Return the entries in full, exactly as they were written.
---+---
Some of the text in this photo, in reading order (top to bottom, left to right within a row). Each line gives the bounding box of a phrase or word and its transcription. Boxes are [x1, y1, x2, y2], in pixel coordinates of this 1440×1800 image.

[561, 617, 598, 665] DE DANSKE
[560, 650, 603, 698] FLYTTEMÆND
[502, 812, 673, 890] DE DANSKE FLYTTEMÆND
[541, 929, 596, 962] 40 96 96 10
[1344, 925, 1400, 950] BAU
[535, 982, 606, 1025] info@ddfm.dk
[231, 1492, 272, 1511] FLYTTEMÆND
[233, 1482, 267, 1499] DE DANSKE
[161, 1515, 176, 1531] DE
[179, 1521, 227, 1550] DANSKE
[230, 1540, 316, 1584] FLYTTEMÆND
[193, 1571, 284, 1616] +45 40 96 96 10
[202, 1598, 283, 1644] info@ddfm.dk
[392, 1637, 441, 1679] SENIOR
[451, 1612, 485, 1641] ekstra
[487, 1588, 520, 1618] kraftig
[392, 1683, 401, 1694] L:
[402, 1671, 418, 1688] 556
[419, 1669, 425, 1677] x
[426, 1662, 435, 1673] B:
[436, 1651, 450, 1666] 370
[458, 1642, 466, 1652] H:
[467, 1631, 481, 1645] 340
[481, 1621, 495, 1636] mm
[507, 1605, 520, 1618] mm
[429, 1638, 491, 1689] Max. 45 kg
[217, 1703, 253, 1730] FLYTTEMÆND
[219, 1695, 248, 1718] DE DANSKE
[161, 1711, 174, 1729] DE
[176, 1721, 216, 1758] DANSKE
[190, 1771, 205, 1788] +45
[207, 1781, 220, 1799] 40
---+---
== SOLUTION TO THE EXERCISE ==
Some of the text in this photo, in reading order (top to bottom, left to right within a row). Each line gives the bounding box of a phrase or word and its transcription. Boxes are [x1, y1, x2, y2], in pixel coordinates of this 1440×1800 image.

[561, 617, 598, 665] DE DANSKE
[560, 650, 603, 698] FLYTTEMÆND
[502, 812, 673, 890] DE DANSKE FLYTTEMÆND
[541, 929, 596, 962] 40 96 96 10
[1344, 925, 1400, 950] BAU
[535, 982, 606, 1025] info@ddfm.dk
[231, 1492, 272, 1511] FLYTTEMÆND
[233, 1482, 267, 1499] DE DANSKE
[161, 1515, 176, 1531] DE
[179, 1521, 227, 1550] DANSKE
[230, 1540, 316, 1584] FLYTTEMÆND
[193, 1571, 284, 1616] +45 40 96 96 10
[202, 1598, 283, 1644] info@ddfm.dk
[392, 1637, 441, 1679] SENIOR
[451, 1612, 485, 1641] ekstra
[487, 1588, 520, 1618] kraftig
[392, 1683, 401, 1694] L:
[402, 1671, 418, 1688] 556
[419, 1669, 425, 1677] x
[426, 1662, 435, 1673] B:
[436, 1651, 450, 1666] 370
[458, 1642, 466, 1652] H:
[467, 1631, 481, 1645] 340
[481, 1621, 495, 1636] mm
[507, 1605, 520, 1618] mm
[429, 1638, 491, 1689] Max. 45 kg
[217, 1703, 253, 1730] FLYTTEMÆND
[219, 1695, 248, 1718] DE DANSKE
[161, 1711, 174, 1729] DE
[176, 1721, 216, 1758] DANSKE
[190, 1771, 205, 1788] +45
[207, 1781, 220, 1799] 40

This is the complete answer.